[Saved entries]
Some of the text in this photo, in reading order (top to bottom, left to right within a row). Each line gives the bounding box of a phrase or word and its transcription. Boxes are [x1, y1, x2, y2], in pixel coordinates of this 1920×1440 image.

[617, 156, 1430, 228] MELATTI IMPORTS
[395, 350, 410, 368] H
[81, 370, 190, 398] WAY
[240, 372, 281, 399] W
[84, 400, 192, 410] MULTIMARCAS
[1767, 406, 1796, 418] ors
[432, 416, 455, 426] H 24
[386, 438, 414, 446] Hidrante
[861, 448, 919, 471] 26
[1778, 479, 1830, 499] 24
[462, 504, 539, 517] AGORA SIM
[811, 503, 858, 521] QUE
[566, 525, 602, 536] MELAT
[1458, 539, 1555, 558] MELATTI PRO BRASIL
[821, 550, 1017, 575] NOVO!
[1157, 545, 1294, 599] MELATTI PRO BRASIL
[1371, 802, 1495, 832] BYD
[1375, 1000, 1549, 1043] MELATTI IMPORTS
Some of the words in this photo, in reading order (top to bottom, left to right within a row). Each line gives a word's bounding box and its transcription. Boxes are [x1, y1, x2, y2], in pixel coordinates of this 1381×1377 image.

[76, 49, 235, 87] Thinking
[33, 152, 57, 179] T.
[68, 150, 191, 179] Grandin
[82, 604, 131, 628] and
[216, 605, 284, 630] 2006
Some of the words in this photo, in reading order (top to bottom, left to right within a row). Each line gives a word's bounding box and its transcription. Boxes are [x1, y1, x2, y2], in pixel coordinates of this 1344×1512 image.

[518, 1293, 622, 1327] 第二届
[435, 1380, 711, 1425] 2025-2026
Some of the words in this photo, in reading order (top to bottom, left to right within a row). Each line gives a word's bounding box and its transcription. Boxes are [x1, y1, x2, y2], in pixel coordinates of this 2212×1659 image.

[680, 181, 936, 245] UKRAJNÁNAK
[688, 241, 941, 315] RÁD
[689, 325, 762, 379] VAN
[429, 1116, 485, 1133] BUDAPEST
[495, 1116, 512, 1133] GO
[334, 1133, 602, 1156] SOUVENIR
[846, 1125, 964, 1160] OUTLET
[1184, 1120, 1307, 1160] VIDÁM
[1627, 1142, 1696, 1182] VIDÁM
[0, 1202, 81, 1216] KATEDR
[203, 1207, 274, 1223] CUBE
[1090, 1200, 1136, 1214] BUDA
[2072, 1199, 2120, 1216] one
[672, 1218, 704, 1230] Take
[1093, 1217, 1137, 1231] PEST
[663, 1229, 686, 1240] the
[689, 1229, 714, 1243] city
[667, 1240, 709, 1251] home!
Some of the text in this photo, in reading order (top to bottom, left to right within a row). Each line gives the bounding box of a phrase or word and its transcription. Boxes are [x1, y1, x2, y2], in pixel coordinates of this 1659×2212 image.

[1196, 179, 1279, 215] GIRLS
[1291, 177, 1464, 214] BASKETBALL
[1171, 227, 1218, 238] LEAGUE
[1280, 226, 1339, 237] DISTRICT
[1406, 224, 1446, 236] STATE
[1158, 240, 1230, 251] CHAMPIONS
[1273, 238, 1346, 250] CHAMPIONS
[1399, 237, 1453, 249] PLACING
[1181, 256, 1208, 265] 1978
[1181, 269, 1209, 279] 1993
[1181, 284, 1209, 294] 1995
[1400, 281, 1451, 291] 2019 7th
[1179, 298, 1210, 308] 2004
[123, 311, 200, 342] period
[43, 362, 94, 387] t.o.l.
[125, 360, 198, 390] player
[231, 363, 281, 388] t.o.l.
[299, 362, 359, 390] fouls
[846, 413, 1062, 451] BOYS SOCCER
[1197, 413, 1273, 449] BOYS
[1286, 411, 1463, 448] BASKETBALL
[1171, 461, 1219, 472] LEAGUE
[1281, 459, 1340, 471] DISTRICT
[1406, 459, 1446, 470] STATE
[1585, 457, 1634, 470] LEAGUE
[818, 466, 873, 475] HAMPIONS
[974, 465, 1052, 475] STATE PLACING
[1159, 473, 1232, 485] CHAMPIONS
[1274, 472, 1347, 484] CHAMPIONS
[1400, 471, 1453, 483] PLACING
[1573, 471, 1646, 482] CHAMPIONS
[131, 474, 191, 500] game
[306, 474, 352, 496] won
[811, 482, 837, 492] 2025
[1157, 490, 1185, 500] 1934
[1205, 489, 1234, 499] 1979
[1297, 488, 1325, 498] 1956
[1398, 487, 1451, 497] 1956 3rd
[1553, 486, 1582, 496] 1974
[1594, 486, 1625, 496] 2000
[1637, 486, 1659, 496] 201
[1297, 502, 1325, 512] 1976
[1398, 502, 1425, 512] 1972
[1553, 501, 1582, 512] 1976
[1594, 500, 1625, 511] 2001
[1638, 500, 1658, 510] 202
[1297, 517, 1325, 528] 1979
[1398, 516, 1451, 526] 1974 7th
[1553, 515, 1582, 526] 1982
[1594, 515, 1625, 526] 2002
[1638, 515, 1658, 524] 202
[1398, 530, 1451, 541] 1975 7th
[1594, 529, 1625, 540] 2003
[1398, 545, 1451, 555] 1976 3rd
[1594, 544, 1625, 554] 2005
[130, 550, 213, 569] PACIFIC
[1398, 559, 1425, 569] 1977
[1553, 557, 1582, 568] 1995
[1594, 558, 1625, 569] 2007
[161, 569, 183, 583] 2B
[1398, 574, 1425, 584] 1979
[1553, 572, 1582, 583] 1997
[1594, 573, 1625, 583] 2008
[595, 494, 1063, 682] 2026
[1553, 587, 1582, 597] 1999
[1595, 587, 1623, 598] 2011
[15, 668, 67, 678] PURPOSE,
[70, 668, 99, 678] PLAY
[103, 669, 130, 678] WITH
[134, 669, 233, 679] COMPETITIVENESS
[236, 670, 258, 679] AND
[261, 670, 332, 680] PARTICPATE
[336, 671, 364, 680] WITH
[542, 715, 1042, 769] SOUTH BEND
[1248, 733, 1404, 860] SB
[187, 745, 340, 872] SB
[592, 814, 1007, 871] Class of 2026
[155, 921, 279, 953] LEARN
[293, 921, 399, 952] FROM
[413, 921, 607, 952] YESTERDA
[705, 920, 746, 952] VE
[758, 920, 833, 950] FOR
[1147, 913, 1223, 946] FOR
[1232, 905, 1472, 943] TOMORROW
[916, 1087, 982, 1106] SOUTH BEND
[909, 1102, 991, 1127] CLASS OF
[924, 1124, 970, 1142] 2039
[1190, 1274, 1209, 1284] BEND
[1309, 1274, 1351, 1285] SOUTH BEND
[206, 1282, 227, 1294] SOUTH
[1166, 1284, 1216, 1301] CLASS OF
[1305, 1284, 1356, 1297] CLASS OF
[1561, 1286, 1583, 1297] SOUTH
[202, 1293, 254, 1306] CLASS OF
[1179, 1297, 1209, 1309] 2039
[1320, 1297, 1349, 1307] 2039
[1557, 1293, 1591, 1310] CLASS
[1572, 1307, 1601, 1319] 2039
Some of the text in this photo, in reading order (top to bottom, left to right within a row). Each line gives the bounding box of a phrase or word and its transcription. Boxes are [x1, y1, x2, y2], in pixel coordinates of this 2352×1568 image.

▶ PROBLEM DETAILS
Write out every entry again, exactly as it appears.

▶ EXERCISE ANSWER
Some of the text in this photo, in reading order (top to bottom, left to right within a row). Each line gives the bounding box of a phrase or word and its transcription. Boxes are [x1, y1, x2, y2], in pixel coordinates of this 1920×1440 image.

[617, 156, 1430, 228] MELATTI IMPORTS
[395, 350, 410, 368] H
[81, 370, 190, 398] WAY
[240, 372, 281, 399] W
[84, 400, 192, 410] MULTIMARCAS
[1767, 406, 1796, 418] ors
[432, 416, 455, 426] H 24
[386, 438, 414, 446] Hidrante
[861, 448, 919, 471] 26
[1778, 479, 1830, 499] 24
[462, 504, 539, 517] AGORA SIM
[811, 503, 858, 521] QUE
[566, 525, 602, 536] MELAT
[1458, 539, 1555, 558] MELATTI PRO BRASIL
[821, 550, 1017, 575] NOVO!
[1157, 545, 1294, 599] MELATTI PRO BRASIL
[1371, 802, 1495, 832] BYD
[1375, 1000, 1549, 1043] MELATTI IMPORTS
Some of the words in this photo, in reading order (top to bottom, left to right within a row). Each line gives a word's bounding box and its transcription. Boxes are [x1, y1, x2, y2], in pixel coordinates of this 1381×1377 image.

[76, 49, 235, 87] Thinking
[33, 152, 57, 179] T.
[68, 150, 191, 179] Grandin
[82, 604, 131, 628] and
[216, 605, 284, 630] 2006
Some of the words in this photo, in reading order (top to bottom, left to right within a row). Each line gives a word's bounding box and its transcription. Boxes are [x1, y1, x2, y2], in pixel coordinates of this 1344×1512 image.

[518, 1293, 622, 1327] 第二届
[435, 1380, 711, 1425] 2025-2026
Some of the words in this photo, in reading order (top to bottom, left to right within a row). Each line gives a word's bounding box and its transcription. Boxes are [x1, y1, x2, y2], in pixel coordinates of this 2212×1659 image.

[680, 181, 936, 245] UKRAJNÁNAK
[688, 241, 941, 315] RÁD
[689, 325, 762, 379] VAN
[429, 1116, 485, 1133] BUDAPEST
[495, 1116, 512, 1133] GO
[334, 1133, 602, 1156] SOUVENIR
[846, 1125, 964, 1160] OUTLET
[1184, 1120, 1307, 1160] VIDÁM
[1627, 1142, 1696, 1182] VIDÁM
[0, 1202, 81, 1216] KATEDR
[203, 1207, 274, 1223] CUBE
[1090, 1200, 1136, 1214] BUDA
[2072, 1199, 2120, 1216] one
[672, 1218, 704, 1230] Take
[1093, 1217, 1137, 1231] PEST
[663, 1229, 686, 1240] the
[689, 1229, 714, 1243] city
[667, 1240, 709, 1251] home!
Some of the text in this photo, in reading order (top to bottom, left to right within a row). Each line gives the bounding box of a phrase or word and its transcription. Boxes are [x1, y1, x2, y2], in pixel coordinates of this 1659×2212 image.

[1196, 179, 1279, 215] GIRLS
[1291, 177, 1464, 214] BASKETBALL
[1171, 227, 1218, 238] LEAGUE
[1280, 226, 1339, 237] DISTRICT
[1406, 224, 1446, 236] STATE
[1158, 240, 1230, 251] CHAMPIONS
[1273, 238, 1346, 250] CHAMPIONS
[1399, 237, 1453, 249] PLACING
[1181, 256, 1208, 265] 1978
[1181, 269, 1209, 279] 1993
[1181, 284, 1209, 294] 1995
[1400, 281, 1451, 291] 2019 7th
[1179, 298, 1210, 308] 2004
[123, 311, 200, 342] period
[43, 362, 94, 387] t.o.l.
[125, 360, 198, 390] player
[231, 363, 281, 388] t.o.l.
[299, 362, 359, 390] fouls
[846, 413, 1062, 451] BOYS SOCCER
[1197, 413, 1273, 449] BOYS
[1286, 411, 1463, 448] BASKETBALL
[1171, 461, 1219, 472] LEAGUE
[1281, 459, 1340, 471] DISTRICT
[1406, 459, 1446, 470] STATE
[1585, 457, 1634, 470] LEAGUE
[818, 466, 873, 475] HAMPIONS
[974, 465, 1052, 475] STATE PLACING
[1159, 473, 1232, 485] CHAMPIONS
[1274, 472, 1347, 484] CHAMPIONS
[1400, 471, 1453, 483] PLACING
[1573, 471, 1646, 482] CHAMPIONS
[131, 474, 191, 500] game
[306, 474, 352, 496] won
[811, 482, 837, 492] 2025
[1157, 490, 1185, 500] 1934
[1205, 489, 1234, 499] 1979
[1297, 488, 1325, 498] 1956
[1398, 487, 1451, 497] 1956 3rd
[1553, 486, 1582, 496] 1974
[1594, 486, 1625, 496] 2000
[1637, 486, 1659, 496] 201
[1297, 502, 1325, 512] 1976
[1398, 502, 1425, 512] 1972
[1553, 501, 1582, 512] 1976
[1594, 500, 1625, 511] 2001
[1638, 500, 1658, 510] 202
[1297, 517, 1325, 528] 1979
[1398, 516, 1451, 526] 1974 7th
[1553, 515, 1582, 526] 1982
[1594, 515, 1625, 526] 2002
[1638, 515, 1658, 524] 202
[1398, 530, 1451, 541] 1975 7th
[1594, 529, 1625, 540] 2003
[1398, 545, 1451, 555] 1976 3rd
[1594, 544, 1625, 554] 2005
[130, 550, 213, 569] PACIFIC
[1398, 559, 1425, 569] 1977
[1553, 557, 1582, 568] 1995
[1594, 558, 1625, 569] 2007
[161, 569, 183, 583] 2B
[1398, 574, 1425, 584] 1979
[1553, 572, 1582, 583] 1997
[1594, 573, 1625, 583] 2008
[595, 494, 1063, 682] 2026
[1553, 587, 1582, 597] 1999
[1595, 587, 1623, 598] 2011
[15, 668, 67, 678] PURPOSE,
[70, 668, 99, 678] PLAY
[103, 669, 130, 678] WITH
[134, 669, 233, 679] COMPETITIVENESS
[236, 670, 258, 679] AND
[261, 670, 332, 680] PARTICPATE
[336, 671, 364, 680] WITH
[542, 715, 1042, 769] SOUTH BEND
[1248, 733, 1404, 860] SB
[187, 745, 340, 872] SB
[592, 814, 1007, 871] Class of 2026
[155, 921, 279, 953] LEARN
[293, 921, 399, 952] FROM
[413, 921, 607, 952] YESTERDA
[705, 920, 746, 952] VE
[758, 920, 833, 950] FOR
[1147, 913, 1223, 946] FOR
[1232, 905, 1472, 943] TOMORROW
[916, 1087, 982, 1106] SOUTH BEND
[909, 1102, 991, 1127] CLASS OF
[924, 1124, 970, 1142] 2039
[1190, 1274, 1209, 1284] BEND
[1309, 1274, 1351, 1285] SOUTH BEND
[206, 1282, 227, 1294] SOUTH
[1166, 1284, 1216, 1301] CLASS OF
[1305, 1284, 1356, 1297] CLASS OF
[1561, 1286, 1583, 1297] SOUTH
[202, 1293, 254, 1306] CLASS OF
[1179, 1297, 1209, 1309] 2039
[1320, 1297, 1349, 1307] 2039
[1557, 1293, 1591, 1310] CLASS
[1572, 1307, 1601, 1319] 2039
Some of the text in this photo, in reading order (top to bottom, left to right within a row). Each line gives the bounding box of a phrase or word and its transcription. Boxes are [x1, y1, x2, y2], in pixel coordinates of this 2352×1568 image.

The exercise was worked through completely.